THE RECORDS —
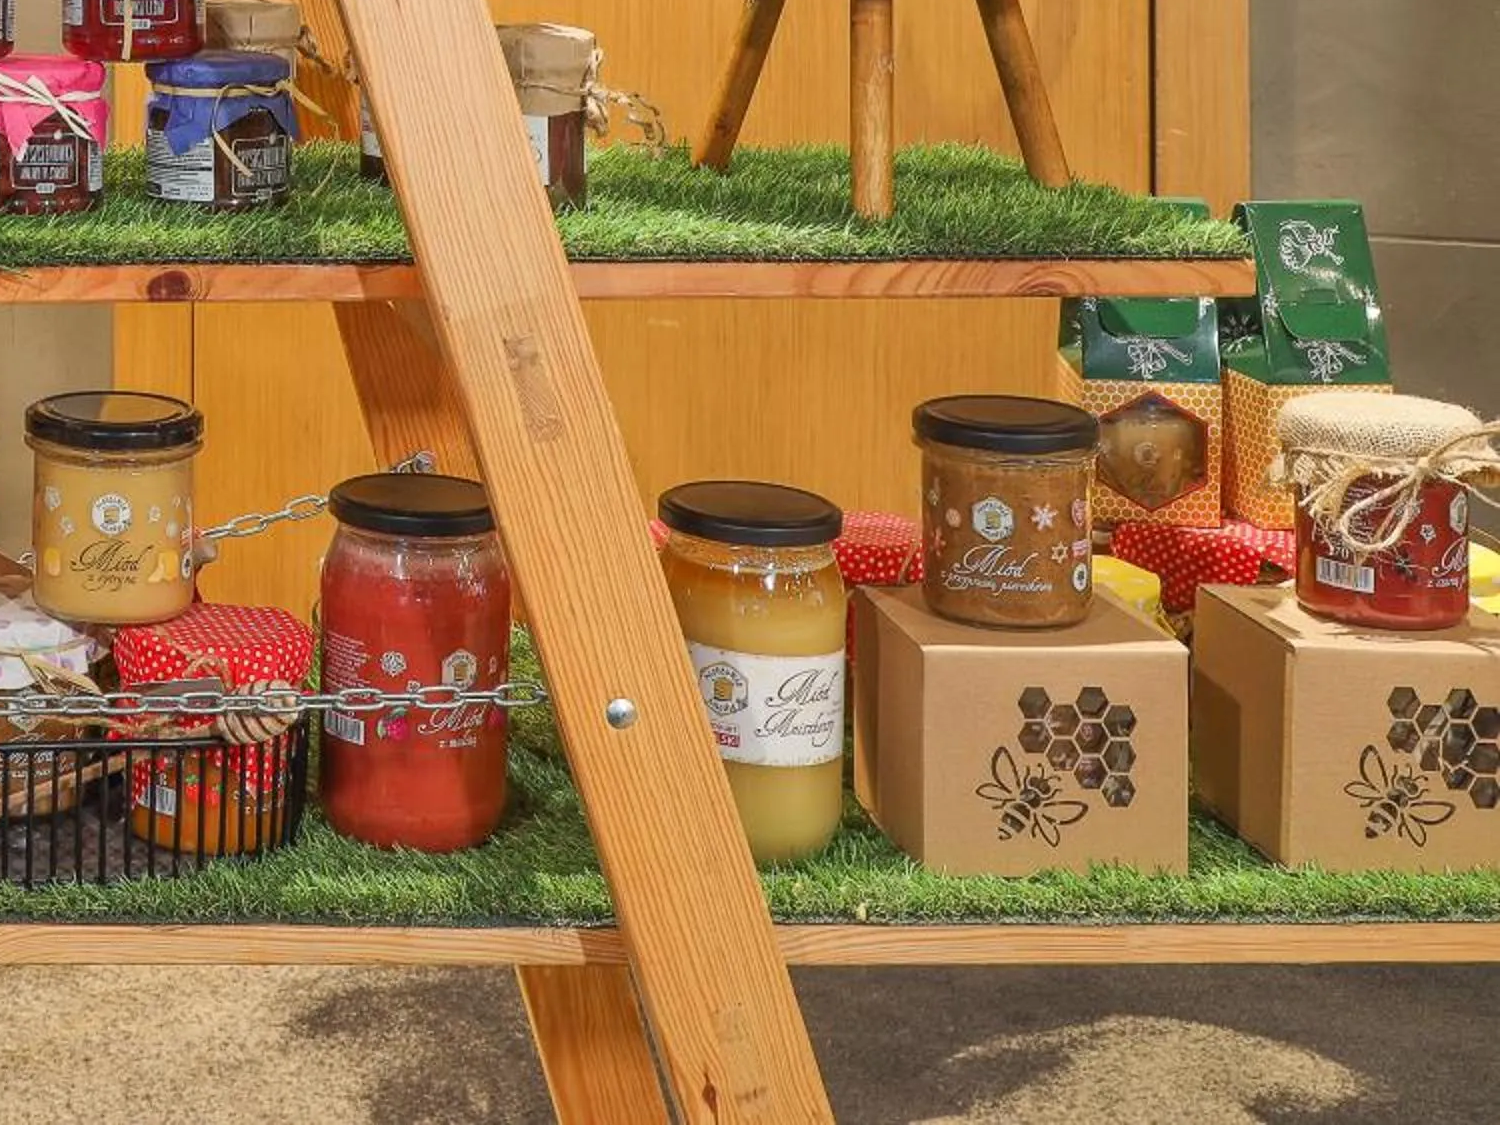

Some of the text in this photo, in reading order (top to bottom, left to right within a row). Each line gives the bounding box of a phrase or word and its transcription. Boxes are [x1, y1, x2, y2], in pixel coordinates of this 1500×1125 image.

[69, 539, 155, 572] Miód
[952, 544, 1040, 577] Miód
[764, 668, 839, 707] Miód
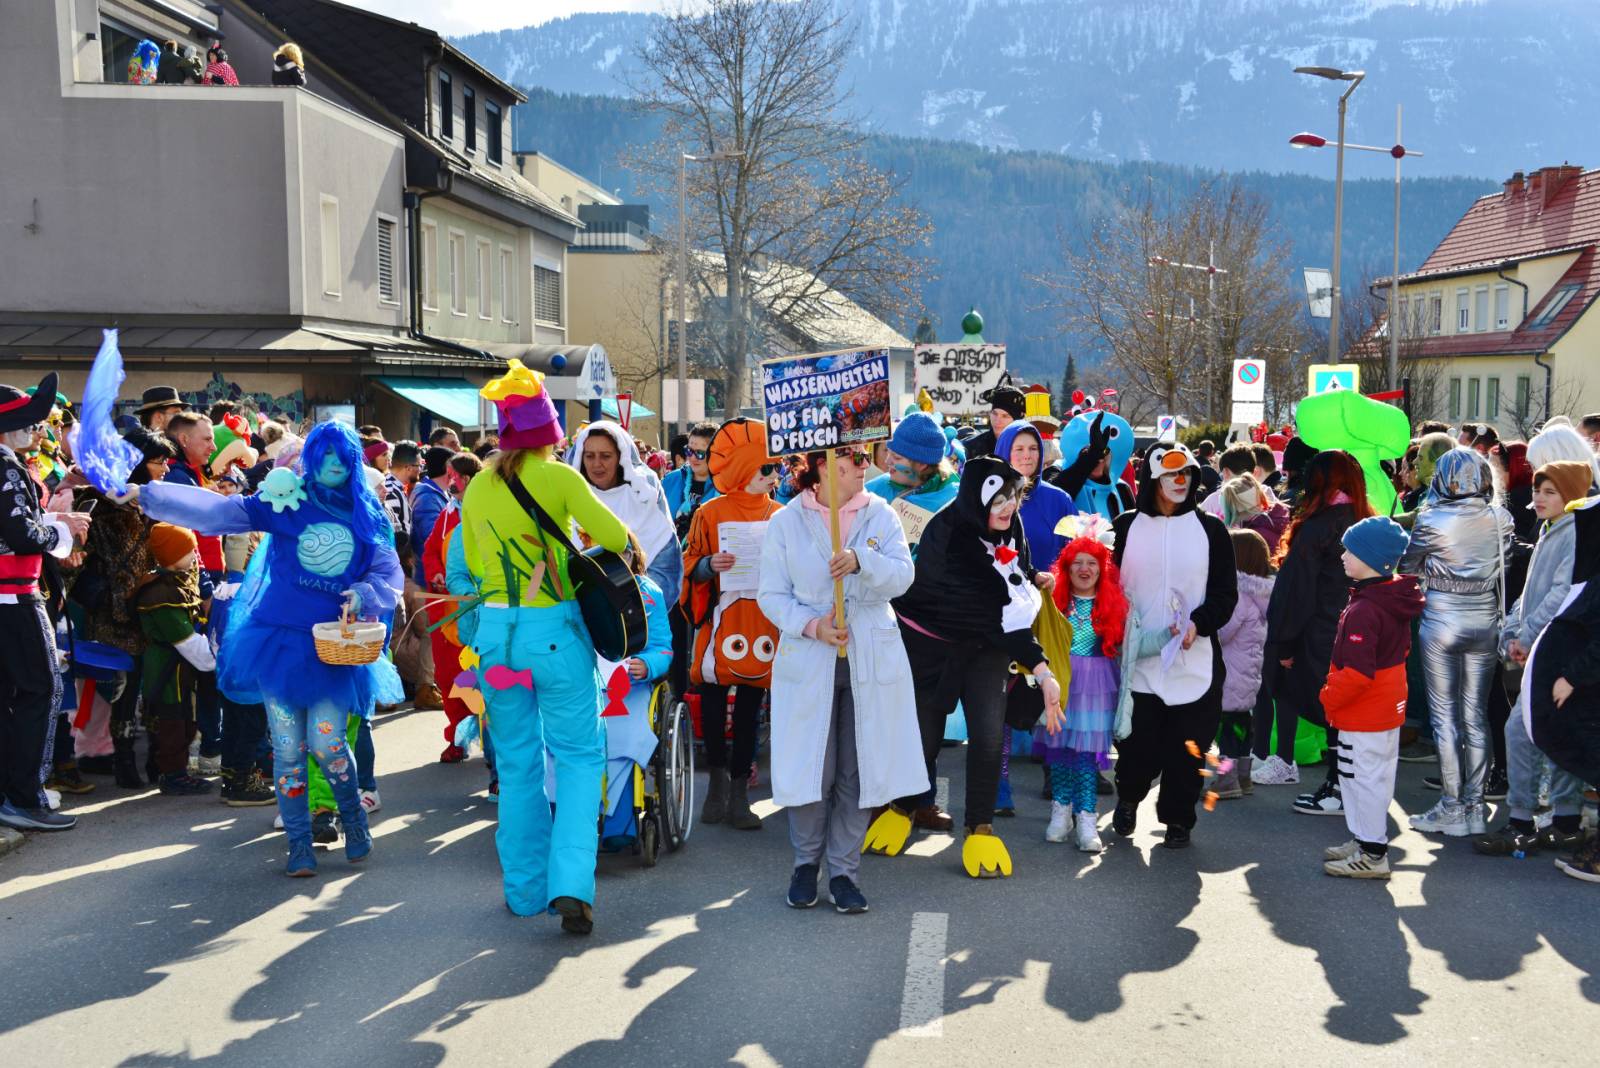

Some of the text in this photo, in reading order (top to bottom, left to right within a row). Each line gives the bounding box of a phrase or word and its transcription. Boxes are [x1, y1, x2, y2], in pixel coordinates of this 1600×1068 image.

[766, 359, 885, 405] WASSERWELTEN
[770, 406, 832, 431] OIS FIA
[771, 426, 838, 453] D'FISCH
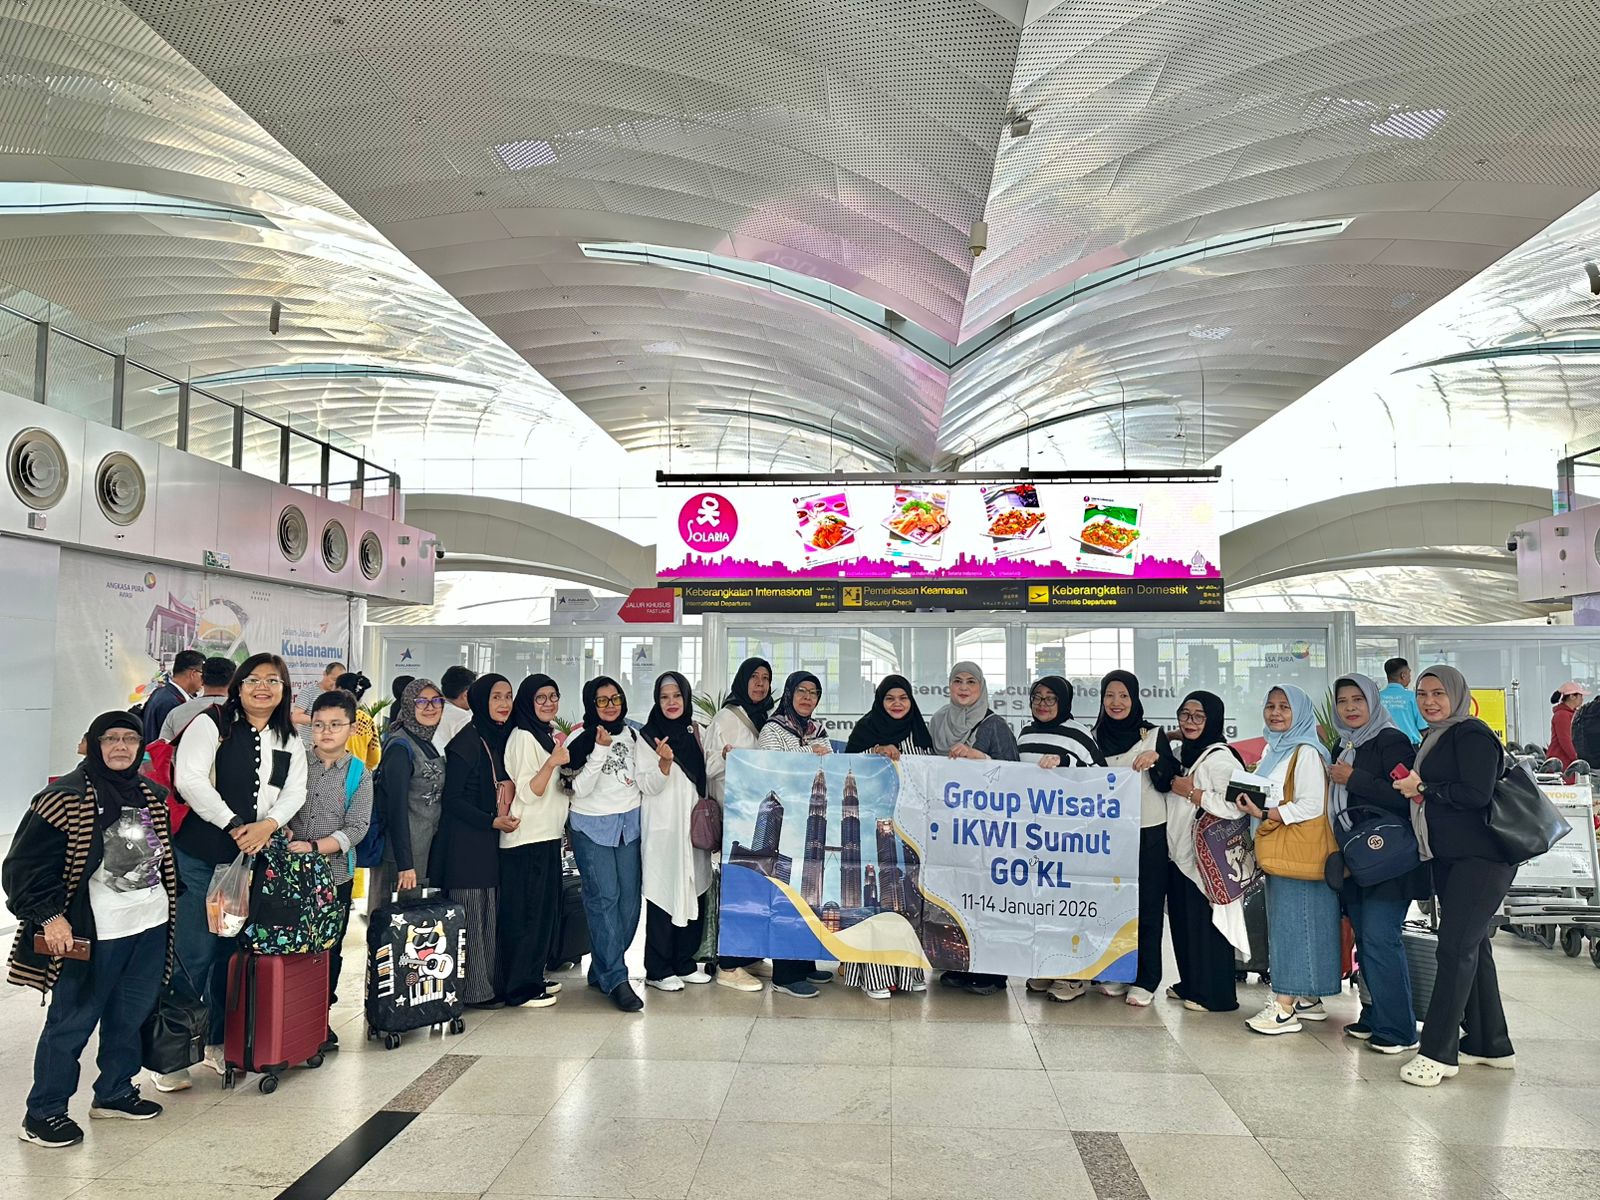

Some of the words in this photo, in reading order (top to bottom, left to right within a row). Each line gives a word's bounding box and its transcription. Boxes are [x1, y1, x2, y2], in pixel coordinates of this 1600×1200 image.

[687, 519, 730, 543] SOLARIA
[106, 581, 131, 591] ANGKASA
[131, 585, 145, 593] PURA
[685, 587, 754, 599] Keberangkatan
[755, 586, 813, 597] Internasional
[863, 586, 919, 595] Pemeriksaan
[920, 585, 968, 596] Keamanan
[1052, 585, 1134, 597] Keberangkatan
[1137, 585, 1189, 595] Domestik
[625, 601, 645, 609] JALUR
[645, 601, 672, 609] KHUSUS
[864, 599, 891, 607] Security
[1052, 598, 1082, 606] Domestic
[1082, 598, 1117, 606] Departures
[281, 639, 343, 659] Kualanamu
[1140, 685, 1176, 698] oint
[943, 781, 1021, 818] Group
[1027, 787, 1121, 819] Wisata
[952, 817, 1017, 849] IKWI
[1025, 822, 1111, 855] Sumut
[990, 856, 1029, 886] GO
[1037, 861, 1072, 888] KL
[961, 893, 996, 913] 11-14
[998, 896, 1055, 916] Januari
[1058, 899, 1098, 918] 2026

WORK REQUIRED — Copy exactly, and only, the lines from the line containing "this 1600×1068 image." through the final line of the material above, with no pictures.

EXERCISE SOLUTION —
Some of the text in this photo, in reading order (top to bottom, left to right within a row). Each line gives the bounding box of a phrase or word and its transcription. Boxes are [x1, y1, x2, y2], in pixel coordinates of this 1600×1068 image.

[766, 359, 885, 405] WASSERWELTEN
[770, 406, 832, 431] OIS FIA
[771, 426, 838, 453] D'FISCH

Some of the words in this photo, in reading order (top to bottom, left to right within a row). Each line gives a word's bounding box and its transcription. Boxes are [x1, y1, x2, y2], in pixel coordinates of this 1600×1200 image.

[687, 519, 730, 543] SOLARIA
[106, 581, 131, 591] ANGKASA
[131, 585, 145, 593] PURA
[685, 587, 754, 599] Keberangkatan
[755, 586, 813, 597] Internasional
[863, 586, 919, 595] Pemeriksaan
[920, 585, 968, 596] Keamanan
[1052, 585, 1134, 597] Keberangkatan
[1137, 585, 1189, 595] Domestik
[625, 601, 645, 609] JALUR
[645, 601, 672, 609] KHUSUS
[864, 599, 891, 607] Security
[1052, 598, 1082, 606] Domestic
[1082, 598, 1117, 606] Departures
[281, 639, 343, 659] Kualanamu
[1140, 685, 1176, 698] oint
[943, 781, 1021, 818] Group
[1027, 787, 1121, 819] Wisata
[952, 817, 1017, 849] IKWI
[1025, 822, 1111, 855] Sumut
[990, 856, 1029, 886] GO
[1037, 861, 1072, 888] KL
[961, 893, 996, 913] 11-14
[998, 896, 1055, 916] Januari
[1058, 899, 1098, 918] 2026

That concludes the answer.